The choice of server management tools flourishes
At one time, most administrators used the standard GUI tools, usually based on the Microsoft Management Console. IT workers who felt brave -- or came across an oddity not covered by traditional utilities -- used a command-line tool to address the issue. It was rare to find an administrator who dabbled in VBScript -- and possibly Windows Management Instrumentation (WMI) -- to manage servers.
Now, there is a much wider range of server management tools, including:
Traditional GUI tools, such as the Remote Server Administration Tools.
Command-line tools based on both Windows and Linux. The Windows Subsystem for Linux on Windows 10 and the Windows Server SAC versions work with Bash and Linux tools natively.
Windows PowerShell, which works on Windows Server, although the same version is not available on all server versions. Administrators can investigate PowerShell Core for use on later Windows versions, Linux and macOS systems.
Project Honolulu, a web-based set of server management tools that uses PowerShell and WMI under the hood to manage Windows systems.
Cloud-based tools, such as Operations Management Suite, to connect to on-premises servers.
There are also third-party management tools; but in my experience, I find most organizations don't use them.
PowerShell enhancements increase acceptance
Microsoft released PowerShell 1.0 in 2006, but its adoption as a mainstream administration technology did not pick up until the last several years.

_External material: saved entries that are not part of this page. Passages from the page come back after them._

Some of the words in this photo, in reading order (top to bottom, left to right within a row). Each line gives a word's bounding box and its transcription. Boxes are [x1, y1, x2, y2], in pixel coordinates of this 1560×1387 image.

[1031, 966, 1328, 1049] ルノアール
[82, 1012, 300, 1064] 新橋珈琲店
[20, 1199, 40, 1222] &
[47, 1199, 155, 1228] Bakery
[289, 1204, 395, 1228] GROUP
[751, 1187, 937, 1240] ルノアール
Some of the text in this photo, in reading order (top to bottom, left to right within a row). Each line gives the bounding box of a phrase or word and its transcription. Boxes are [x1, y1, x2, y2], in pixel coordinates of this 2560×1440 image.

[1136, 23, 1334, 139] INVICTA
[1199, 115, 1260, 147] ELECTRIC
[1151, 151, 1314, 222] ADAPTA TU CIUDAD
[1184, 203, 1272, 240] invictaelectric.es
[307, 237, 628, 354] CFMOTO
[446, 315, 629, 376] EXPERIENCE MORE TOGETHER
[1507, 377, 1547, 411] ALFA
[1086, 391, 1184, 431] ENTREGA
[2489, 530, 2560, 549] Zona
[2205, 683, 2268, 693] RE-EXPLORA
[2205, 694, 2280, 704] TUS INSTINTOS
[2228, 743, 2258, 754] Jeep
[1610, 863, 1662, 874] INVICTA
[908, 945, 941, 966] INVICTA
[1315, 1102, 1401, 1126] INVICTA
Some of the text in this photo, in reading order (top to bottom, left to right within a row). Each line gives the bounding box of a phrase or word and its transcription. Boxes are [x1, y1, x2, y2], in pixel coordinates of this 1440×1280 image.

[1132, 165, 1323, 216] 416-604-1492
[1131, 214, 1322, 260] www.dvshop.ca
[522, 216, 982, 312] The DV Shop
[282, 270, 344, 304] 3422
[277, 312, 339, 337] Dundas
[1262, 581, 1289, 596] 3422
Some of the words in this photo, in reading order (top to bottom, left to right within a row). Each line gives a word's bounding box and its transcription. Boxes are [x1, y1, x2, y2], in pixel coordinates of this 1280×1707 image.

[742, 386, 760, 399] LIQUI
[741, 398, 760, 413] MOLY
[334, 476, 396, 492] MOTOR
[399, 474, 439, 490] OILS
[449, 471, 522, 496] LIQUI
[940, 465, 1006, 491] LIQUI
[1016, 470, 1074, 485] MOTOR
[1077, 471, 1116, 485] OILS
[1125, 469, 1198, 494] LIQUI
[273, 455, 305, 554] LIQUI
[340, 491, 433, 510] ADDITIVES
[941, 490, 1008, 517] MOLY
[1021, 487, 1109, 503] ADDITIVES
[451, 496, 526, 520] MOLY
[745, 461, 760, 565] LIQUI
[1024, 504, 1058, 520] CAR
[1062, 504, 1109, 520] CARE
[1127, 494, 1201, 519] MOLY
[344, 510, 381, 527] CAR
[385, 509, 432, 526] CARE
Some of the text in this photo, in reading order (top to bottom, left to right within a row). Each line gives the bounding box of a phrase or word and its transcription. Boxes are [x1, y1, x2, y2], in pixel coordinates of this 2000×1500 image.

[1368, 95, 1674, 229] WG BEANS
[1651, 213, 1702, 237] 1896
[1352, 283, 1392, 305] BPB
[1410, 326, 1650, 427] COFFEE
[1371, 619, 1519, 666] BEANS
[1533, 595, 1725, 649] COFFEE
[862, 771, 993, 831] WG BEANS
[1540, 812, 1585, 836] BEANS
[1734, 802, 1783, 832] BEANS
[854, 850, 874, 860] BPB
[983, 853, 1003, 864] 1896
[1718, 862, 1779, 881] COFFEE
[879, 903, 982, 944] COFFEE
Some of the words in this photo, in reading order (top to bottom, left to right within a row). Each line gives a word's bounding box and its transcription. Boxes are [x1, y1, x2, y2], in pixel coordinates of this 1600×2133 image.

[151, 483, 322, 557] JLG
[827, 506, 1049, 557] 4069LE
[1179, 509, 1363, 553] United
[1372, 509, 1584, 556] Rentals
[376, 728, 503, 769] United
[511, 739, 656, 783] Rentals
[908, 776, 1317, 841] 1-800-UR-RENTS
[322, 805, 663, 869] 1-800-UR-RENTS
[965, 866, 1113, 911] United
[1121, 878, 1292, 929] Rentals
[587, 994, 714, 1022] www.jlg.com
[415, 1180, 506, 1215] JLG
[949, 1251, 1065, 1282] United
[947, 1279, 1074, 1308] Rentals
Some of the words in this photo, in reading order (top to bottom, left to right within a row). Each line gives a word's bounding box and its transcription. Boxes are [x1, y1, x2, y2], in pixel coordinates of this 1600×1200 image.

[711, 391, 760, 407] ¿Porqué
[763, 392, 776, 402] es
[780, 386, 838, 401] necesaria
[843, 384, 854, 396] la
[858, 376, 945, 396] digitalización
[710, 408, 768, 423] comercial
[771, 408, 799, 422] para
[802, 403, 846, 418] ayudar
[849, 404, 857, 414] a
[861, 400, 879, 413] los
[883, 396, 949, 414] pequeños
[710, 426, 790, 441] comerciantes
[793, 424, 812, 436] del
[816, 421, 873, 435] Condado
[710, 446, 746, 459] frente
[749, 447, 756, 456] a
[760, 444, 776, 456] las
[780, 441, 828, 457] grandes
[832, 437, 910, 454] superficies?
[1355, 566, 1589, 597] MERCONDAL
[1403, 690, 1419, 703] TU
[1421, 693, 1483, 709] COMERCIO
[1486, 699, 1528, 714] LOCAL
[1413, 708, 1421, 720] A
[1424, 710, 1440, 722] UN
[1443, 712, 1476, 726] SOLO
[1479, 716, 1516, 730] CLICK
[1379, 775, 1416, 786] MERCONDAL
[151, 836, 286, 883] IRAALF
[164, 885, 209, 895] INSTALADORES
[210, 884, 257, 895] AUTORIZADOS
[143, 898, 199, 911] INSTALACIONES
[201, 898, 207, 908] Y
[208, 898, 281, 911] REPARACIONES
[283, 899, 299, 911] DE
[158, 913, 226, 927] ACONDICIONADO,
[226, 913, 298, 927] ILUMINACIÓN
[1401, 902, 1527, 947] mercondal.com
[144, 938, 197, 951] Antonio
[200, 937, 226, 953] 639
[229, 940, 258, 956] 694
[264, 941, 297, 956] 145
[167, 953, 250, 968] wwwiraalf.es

The biggest boost to PowerShell was likely attributable to the huge increase in cmdlet coverage in late 2012 with the release of Windows 8 and PowerShell v3. Administrators could perform many more tasks with a single cmdlet rather than lengthy script, which made life easier for the IT worker trying to learn PowerShell.
When I started as a server administrator in 1990, most of us were responsible for a handful of servers. Now, administrators manage hundreds or thousands of servers. When there are only a few servers to control, it's possible to manage each locally. This includes the use of remote desktop protocol to create a remote connection into the machine.
All administration activities start with a single task on a single server. This scenario expands to perform that one task on multiple servers. This is doable, but you'll reach a scale where you can't type or click fast enough to get the job done in a sensible time frame. For large quantities of systems, administrators must use remote management and automation.
When you must perform multiple tasks on multiple servers, you might miss a step for one or more servers. This could cause problems later. In these situations, I assume the machines belong to a single domain. Once you go beyond a single domain, the issues proliferate.
Remote administration of one or more non-domain joined systems is a common administration situation. The machines can be web servers in the demilitarized zone or stand-alone servers that the organization cannot join to a domain.
These scenarios further complicate the decision on how best to administer these machines when you must factor in network access, firewall settings and permissions to the system. Management of cross-domain servers is similar but slightly different because, usually, there is no need to cross firewalls and the permissions can be easier to handle.
The final scenario to consider is the administration of Windows machines from a Linux system or the opposite. Either setting could come about when the organization works with a majority of one type of machine but introduces another type to support a new application.